Image-backed grounding data
►
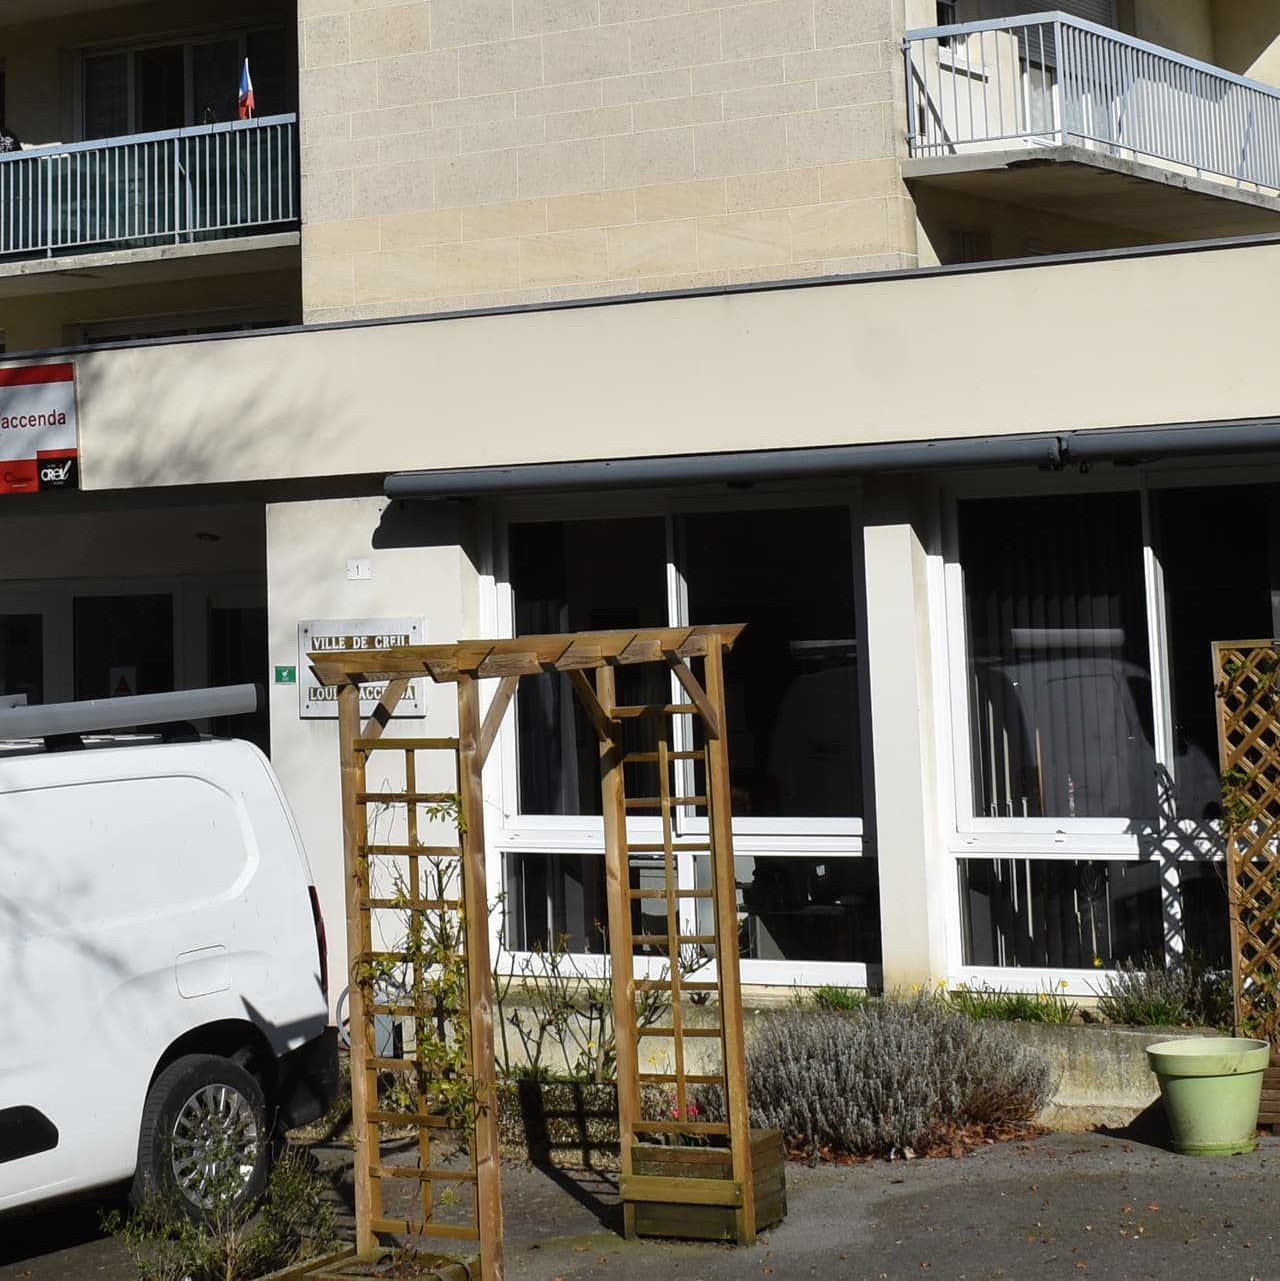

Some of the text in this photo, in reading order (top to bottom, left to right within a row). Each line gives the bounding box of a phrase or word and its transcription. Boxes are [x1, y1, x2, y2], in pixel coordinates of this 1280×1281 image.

[313, 635, 409, 649] VILLE DE CREIL
[310, 687, 338, 700] LOUI
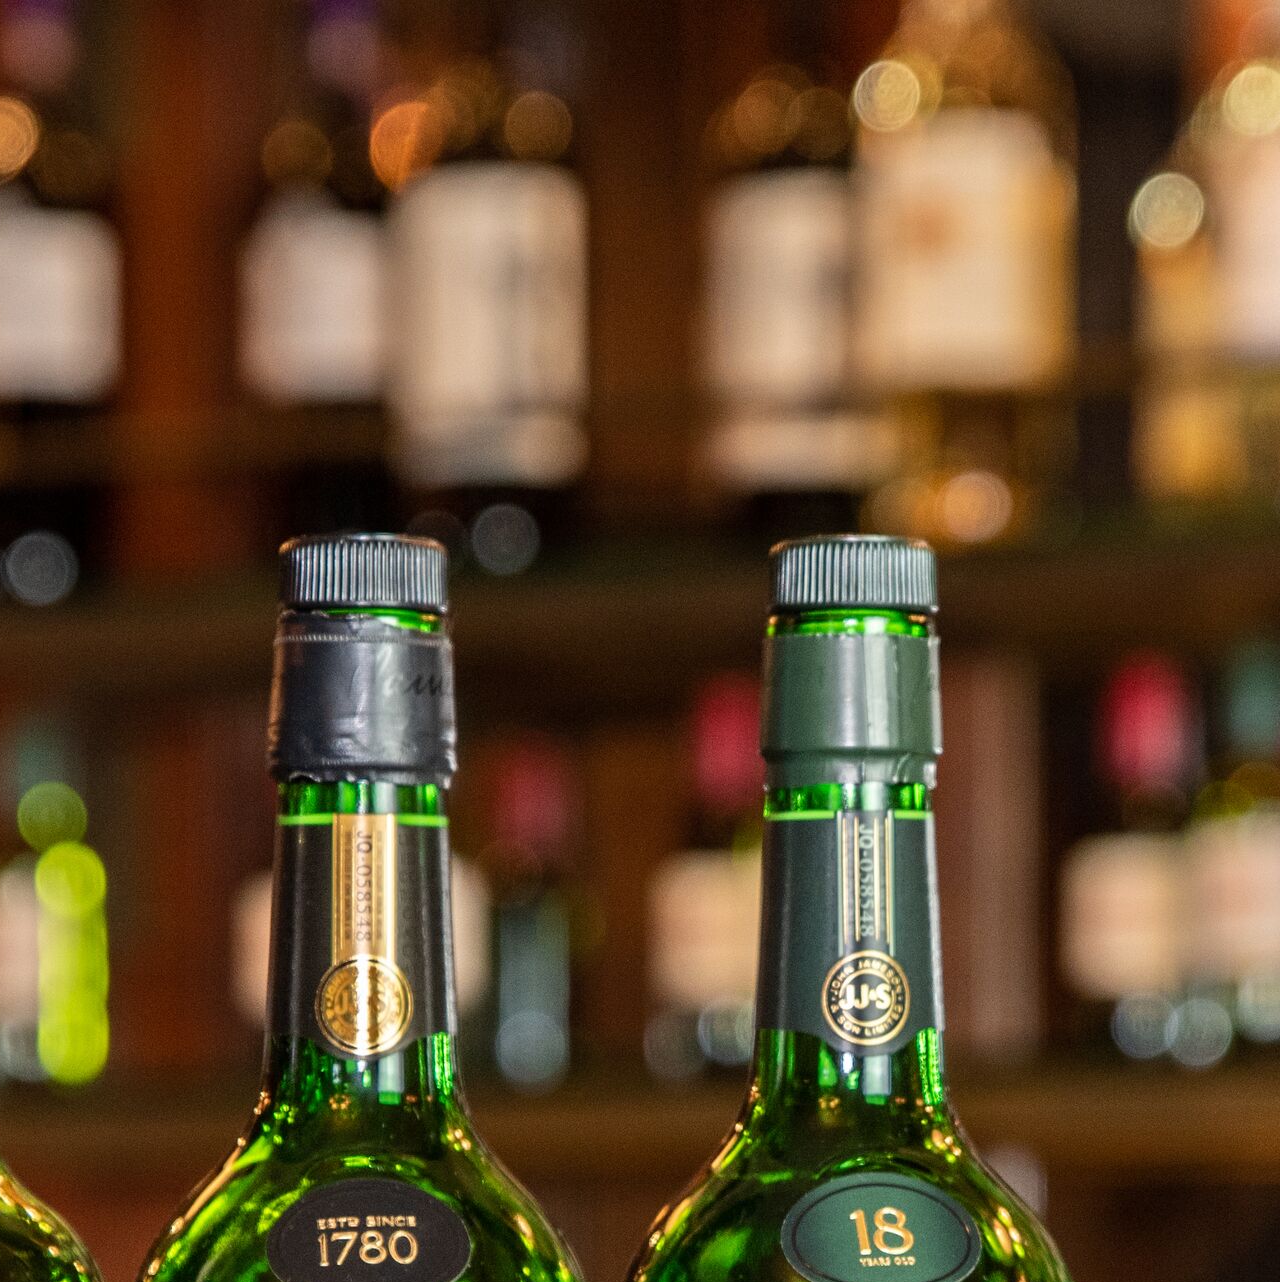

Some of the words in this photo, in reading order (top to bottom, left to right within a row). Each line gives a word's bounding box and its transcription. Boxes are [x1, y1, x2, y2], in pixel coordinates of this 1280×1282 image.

[317, 1217, 359, 1230] ESTD
[366, 1215, 417, 1228] SINCE
[849, 1206, 915, 1255] 18
[317, 1230, 419, 1267] 1780
[859, 1256, 891, 1267] YEARS
[894, 1256, 916, 1266] OLD
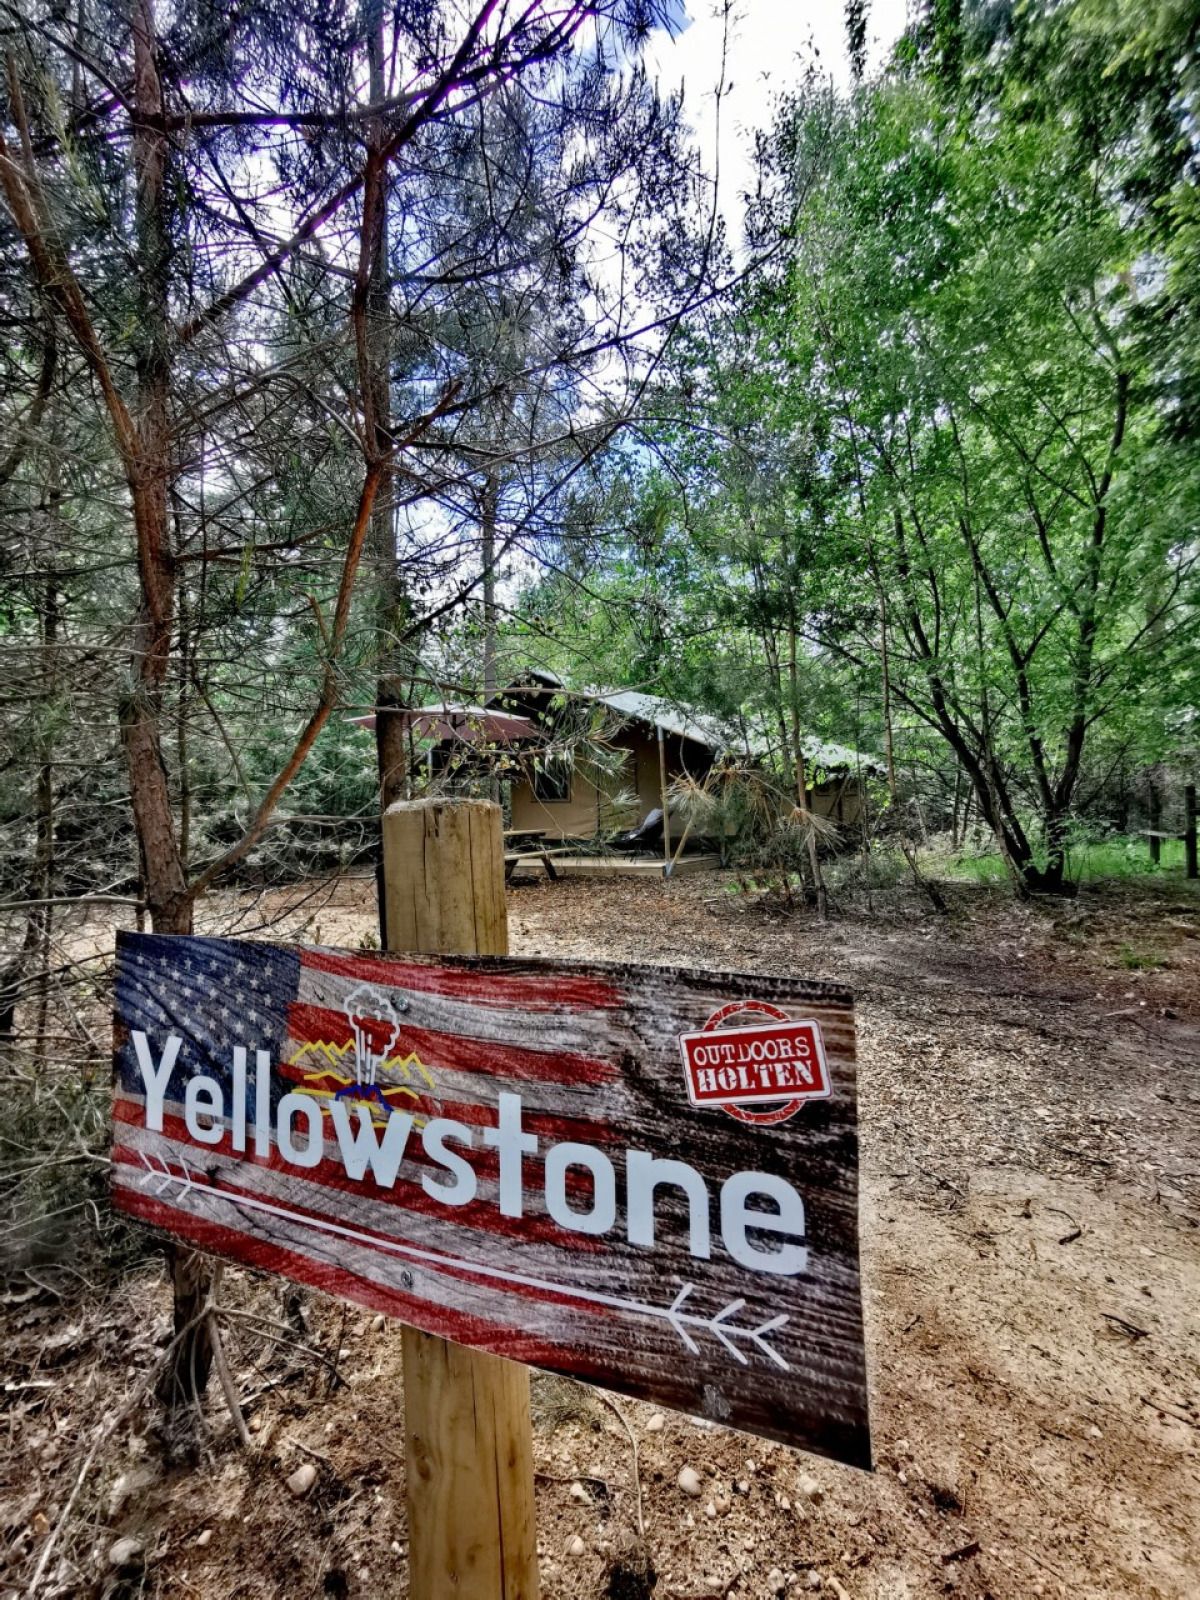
◄
## WHAT YOU HAVE TO DO
What is needed is an exact transcription of the lines from the one holding "Some of the words" to the end of the data, with every picture left out.

## EXERCISE RESULT
Some of the words in this photo, in reading order (top to bottom, left to right within a row). Each line gives a word's bounding box and its transcription. Boxes are [x1, y1, x2, y2], in pixel coordinates of this 1280×1282 image.

[317, 1217, 359, 1230] ESTD
[366, 1215, 417, 1228] SINCE
[849, 1206, 915, 1255] 18
[317, 1230, 419, 1267] 1780
[859, 1256, 891, 1267] YEARS
[894, 1256, 916, 1266] OLD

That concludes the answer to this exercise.